Ia berdiri di atas tanah, dengan atap yang kuat, dengan dinding yang tebal, dengan pintu yang terbuka untuk siapa pun yang membutuhkan. Kalian tidak percaya? Kalian boleh datang. Saya persilakan. Saya sendiri yang akan mengantar kalian melihatnya.

Dan bicara tentang tanah, sungguh tanah kita sangat subur. Sawah kita hijau. Petani kita bahagia. Saya tahu, karena saya turun ke sawah. Saya ganti celana panjang saya dengan celana pendek. Saya turun ke lumpur. Saya turun ke gorong-gorong. Saya memegang padi bersama kalian. Ribuan ton beras. Puluhan ribu ton jagung. Kinii telah kita hasilkan.

Kita akan segera menikmati swasembada pangan. Kita tidak perlu lagi impor. Kita tidak perlu bergantung pada siapa pun. Karena Indonesia adalah negeri yang Tuhan berkati dengan alam yang melimpah.

Saudara-saudara terkasih!

Saya tidak akan berbohong kepada kalian. Saya ini pemimpin yang jujur. Saya ini pemimpin yang lebih suka kehilangan kursi daripada kehilangan kepercayaan kalian. Lihatlah mata saya. Lihatlah mata ini! 

Apakah kalian melihat kebohongan di sana? Tidak. Kalian melihat cahaya. Kalian melihat ketulusan. Kalian melihat seorang bapak yang ingin anak-anaknya makan enak, sekolah tinggi, dan hidup layak.

Karena itu, saya telah mengalokasikan—dengar baik-baik—tujuh puluh triliun rupiah untuk kesehatan. Gratis! Semua gratis! Rumah sakit dibangun. Puskesmas diperbaiki. Dokter didatangkan dari luar negeri. 

Kita tidak akan membiarkan satu orang pun mati karena tidak bisa berobat. Tidak satu pun! Karena setiap nyawa adalah mahal, dan saya menghargai setiap nyawa seperti saya menghargai nyawa keluarga saya sendiri.

Saudara-saudara!

Pesan ini saya sampaikan dari hati, di tengah teriakan dan sorak yang memekakkan telinga.
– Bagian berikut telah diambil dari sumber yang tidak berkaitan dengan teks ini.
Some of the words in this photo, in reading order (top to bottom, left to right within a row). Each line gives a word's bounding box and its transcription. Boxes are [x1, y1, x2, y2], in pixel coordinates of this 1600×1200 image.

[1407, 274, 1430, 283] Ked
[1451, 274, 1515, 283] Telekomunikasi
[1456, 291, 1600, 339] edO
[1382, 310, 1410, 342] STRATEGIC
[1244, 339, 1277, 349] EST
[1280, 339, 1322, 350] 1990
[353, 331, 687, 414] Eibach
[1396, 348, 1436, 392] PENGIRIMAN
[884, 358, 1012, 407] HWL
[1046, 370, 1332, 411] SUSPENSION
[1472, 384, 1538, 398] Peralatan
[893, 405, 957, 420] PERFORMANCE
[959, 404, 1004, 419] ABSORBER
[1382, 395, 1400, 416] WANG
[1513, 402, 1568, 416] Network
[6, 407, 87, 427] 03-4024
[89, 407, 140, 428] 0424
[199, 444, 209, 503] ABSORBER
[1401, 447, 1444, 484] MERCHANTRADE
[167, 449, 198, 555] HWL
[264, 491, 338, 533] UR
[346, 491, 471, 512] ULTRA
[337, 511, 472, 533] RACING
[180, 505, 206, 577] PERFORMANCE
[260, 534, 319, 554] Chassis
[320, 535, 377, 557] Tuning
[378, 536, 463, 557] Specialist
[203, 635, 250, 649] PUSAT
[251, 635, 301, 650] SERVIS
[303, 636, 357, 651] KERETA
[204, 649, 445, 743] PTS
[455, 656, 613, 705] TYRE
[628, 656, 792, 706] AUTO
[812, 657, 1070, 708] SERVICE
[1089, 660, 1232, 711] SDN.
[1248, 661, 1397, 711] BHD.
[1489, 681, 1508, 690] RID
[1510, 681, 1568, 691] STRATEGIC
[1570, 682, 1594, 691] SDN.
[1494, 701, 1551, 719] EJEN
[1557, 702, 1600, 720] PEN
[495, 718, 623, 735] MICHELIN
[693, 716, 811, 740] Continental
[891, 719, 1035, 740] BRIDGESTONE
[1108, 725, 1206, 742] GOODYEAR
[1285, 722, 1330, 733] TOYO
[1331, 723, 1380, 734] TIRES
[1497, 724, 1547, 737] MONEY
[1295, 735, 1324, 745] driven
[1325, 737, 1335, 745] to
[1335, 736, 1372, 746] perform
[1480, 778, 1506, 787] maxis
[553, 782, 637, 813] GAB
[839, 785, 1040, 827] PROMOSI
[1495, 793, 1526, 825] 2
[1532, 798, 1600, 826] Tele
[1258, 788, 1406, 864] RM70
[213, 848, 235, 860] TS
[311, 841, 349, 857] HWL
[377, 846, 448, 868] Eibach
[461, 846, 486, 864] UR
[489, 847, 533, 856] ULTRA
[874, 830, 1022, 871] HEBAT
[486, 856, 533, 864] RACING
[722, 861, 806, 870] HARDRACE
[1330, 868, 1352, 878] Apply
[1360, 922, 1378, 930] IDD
Tangis haru berbaur dengan yel-yel semangat dari ribuan pasang mata yang memandang penuh asa.

Mereka bilang—musuh-musuh saya, politikus-politikus lama yang iri—mereka bilang saya bohong. Mereka bilang angka-angka saya tidak nyata. Mereka bilang rumah-rumah itu hanya gambar. Mereka bilang sawah kita tidak seproduktif yang saya katakan. Mereka bilang para koruptor masih berkeliaran.

Mereka bilang—Saudara, dengarkan saya—mereka bilang saya korup. Saya? Korup? Demi Tuhan, saya tidak akan menyentuh uang rakyat se-sen-pun. Uang rakyat adalah darah rakyat. Dan saya tidak pernah—tidak pernah—menghisap darah rakyat. Saya minum air, saya makan nasi, saya tidur di kamar sederhana. Itulah saya. Saya tidak butuh mewah. Saya tidak butuh harta. Saya hanya butuh senyum kalian.
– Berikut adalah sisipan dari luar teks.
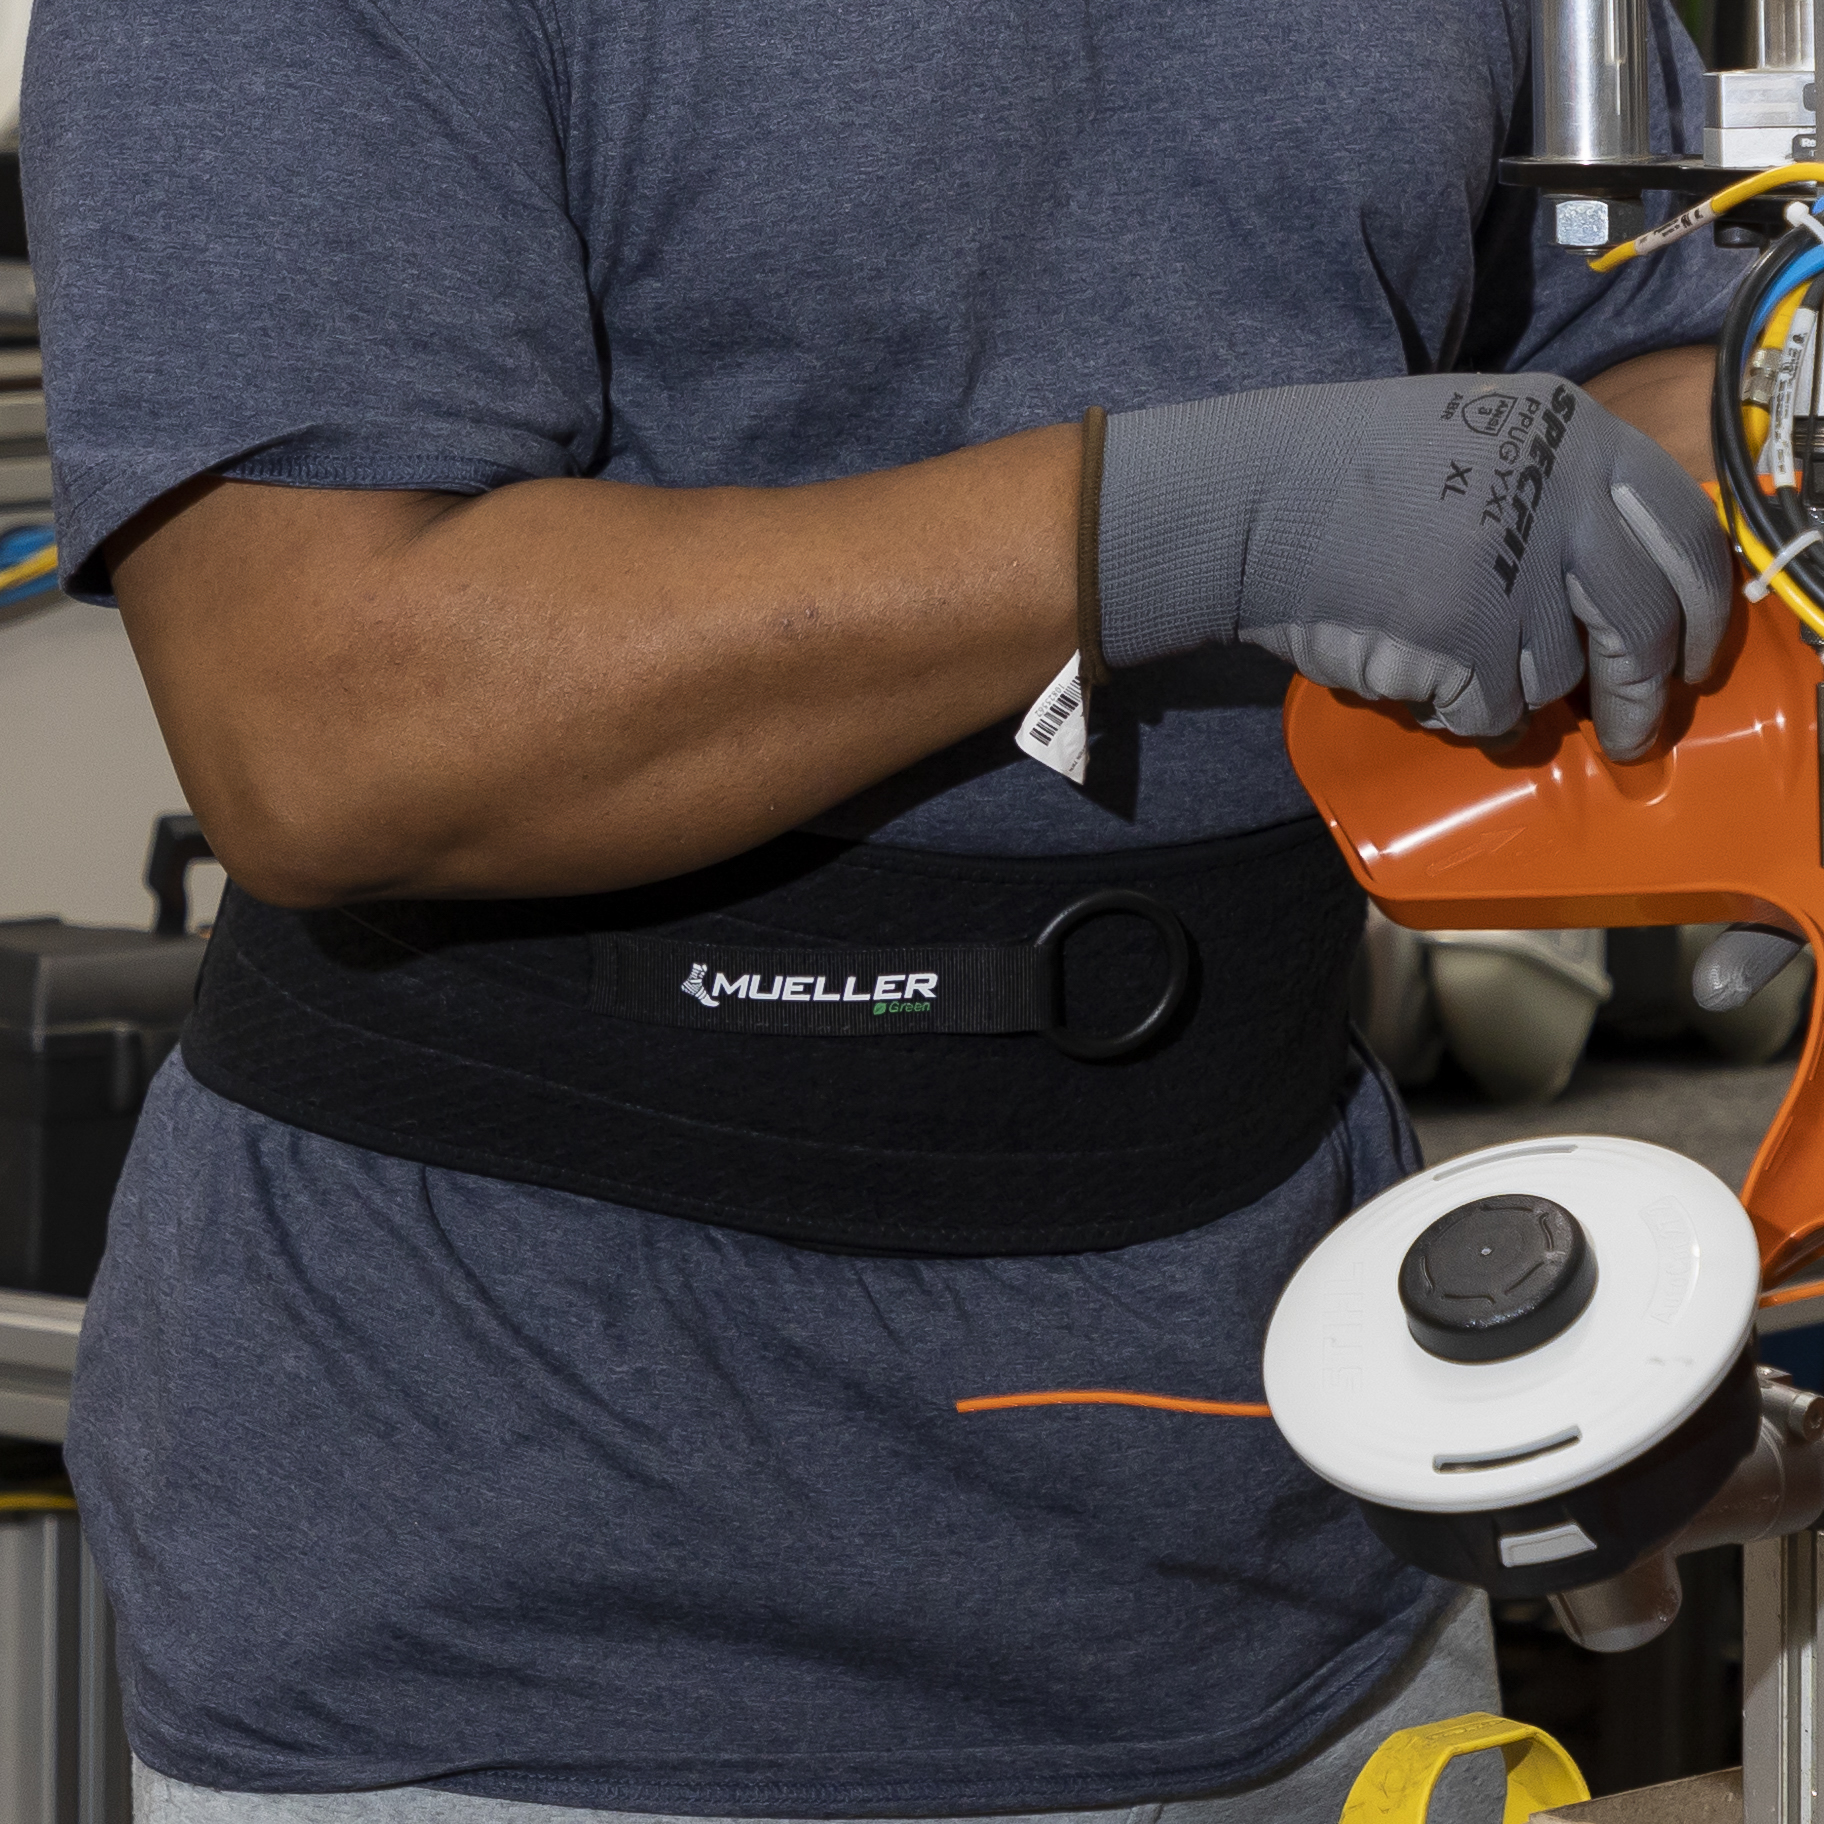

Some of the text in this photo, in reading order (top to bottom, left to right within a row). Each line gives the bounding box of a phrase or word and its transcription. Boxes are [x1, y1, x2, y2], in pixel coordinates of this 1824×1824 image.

Mari kita renungkan bersama. Semua janji ini, semua program ini, semua angka-angka yang saya sebutkan—bukan untuk saya. Bukan. Ini untuk anak kalian. Untuk cucu kalian. Untuk generasi yang belum lahir yang akan menyebut nama saya sebagai pemimpin yang membawa Indonesia ke gerbang kejayaan. 
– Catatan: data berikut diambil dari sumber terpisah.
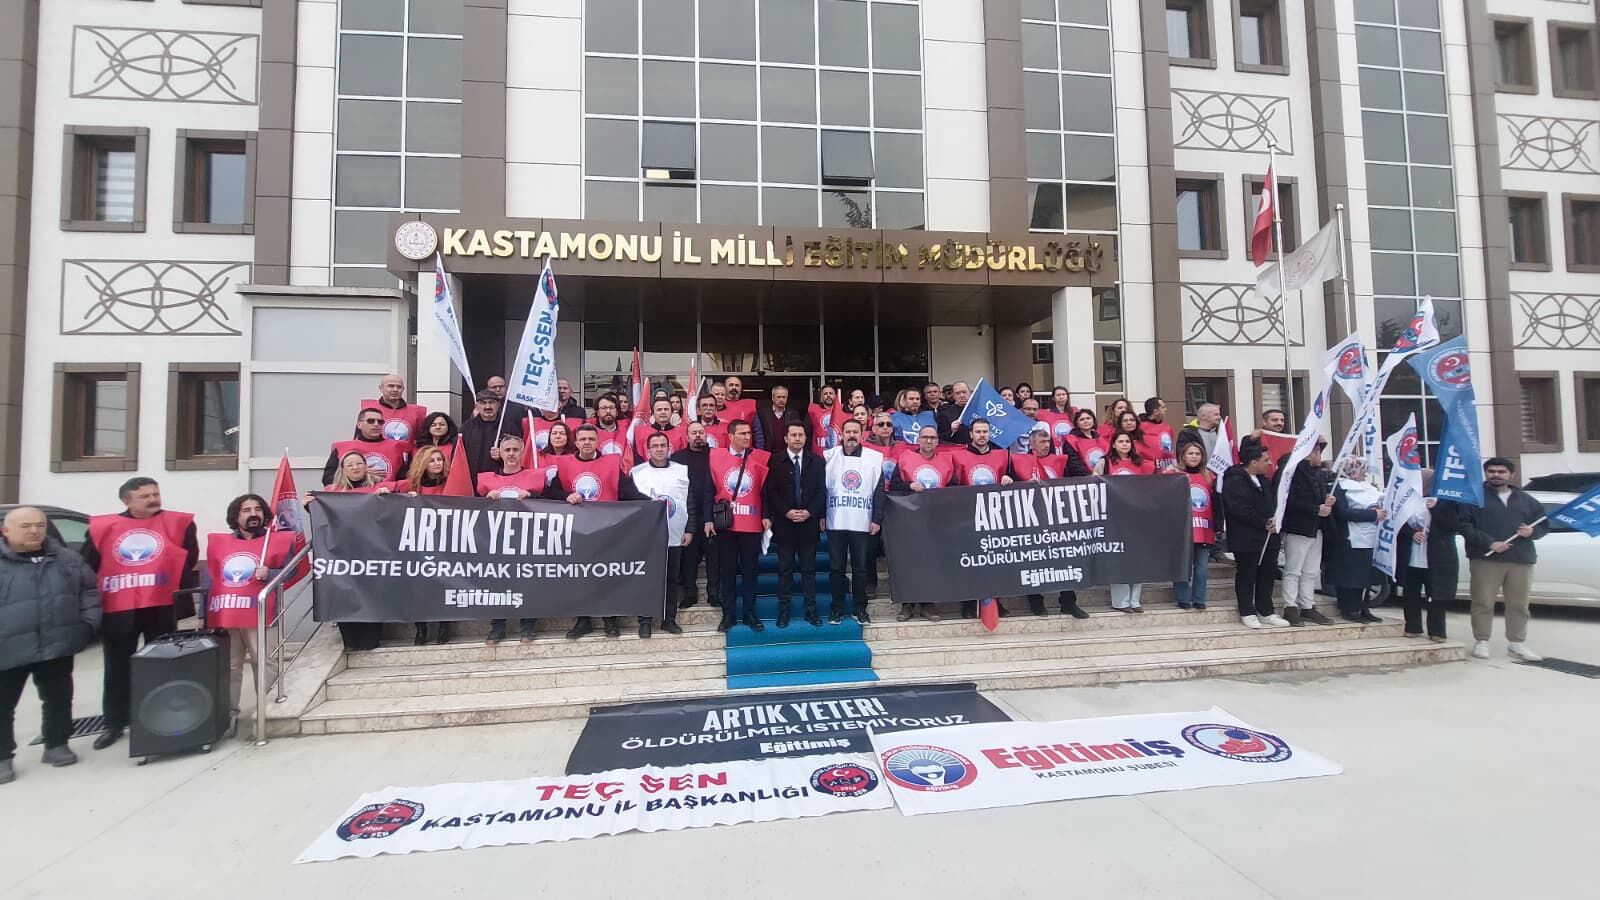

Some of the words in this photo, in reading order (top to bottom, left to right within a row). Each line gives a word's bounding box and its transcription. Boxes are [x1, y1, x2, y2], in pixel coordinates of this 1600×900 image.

[443, 228, 662, 262] KASTAMONU
[673, 231, 702, 264] İL
[804, 235, 909, 270] EĞİTİM
[918, 238, 1104, 273] MÜDÜRLÜĞÜ
[522, 311, 553, 387] TEÇ-SEN
[974, 490, 1039, 532] ARTIK
[1043, 482, 1108, 526] YETER!
[399, 508, 480, 553] ARTIK
[488, 511, 574, 556] YETER!
[980, 532, 1033, 551] ŞİDDETE
[1034, 527, 1091, 547] UĞRAMAK
[313, 557, 402, 580] ŞİDDETE
[406, 555, 511, 579] UĞRAMAK
[516, 560, 646, 579] İSTEMİYORUZ
[960, 546, 1047, 568] ÖLDÜRÜLMEK
[1048, 542, 1125, 561] İSTEMİYORUZ!
[1020, 565, 1083, 588] Eğitimiş
[445, 588, 523, 609] Eğitimiş
[703, 703, 785, 731] ARTIK
[791, 697, 889, 722] YETER!
[621, 723, 802, 751] ÖLDÜRÜLMEK
[759, 738, 850, 755] Eğitimiş
[980, 737, 1186, 771] Eğitimiş
[1035, 765, 1126, 780] KASTAMONU
[1129, 759, 1177, 775] ŞUBESİ
[536, 782, 627, 803] TEÇ
[639, 771, 728, 794] SEN
[419, 801, 606, 832] KASTAMONU
[614, 797, 637, 815] İL
[645, 785, 810, 812] BAŞKANLIĞI
Bayangkan, bayangkan! Lima tahun lagi, sepuluh tahun lagi, Indonesia akan menjadi negara maju. Tidak ada kemiskinan. Tidak ada pengangguran. Tidak ada kelaparan. Semua orang memiliki pekerjaan. Semua orang memiliki rumah. Semua orang memiliki masa depan.

Saudara-saudaraku!

Saya tahu kalian lelah. Saya tahu kalian bosan dengan janji-janji politik. Tapi saya berbeda. Janji saya adalah ikrar. Ikrar saya adalah sumpah. Dan sumpah saya adalah harga diri saya. Jika saya dusta, maka biarlah bumi tidak mau menapaki kaki saya, biarlah langit tidak mau menaungi kepala saya. Tetapi saya tidak dusta. 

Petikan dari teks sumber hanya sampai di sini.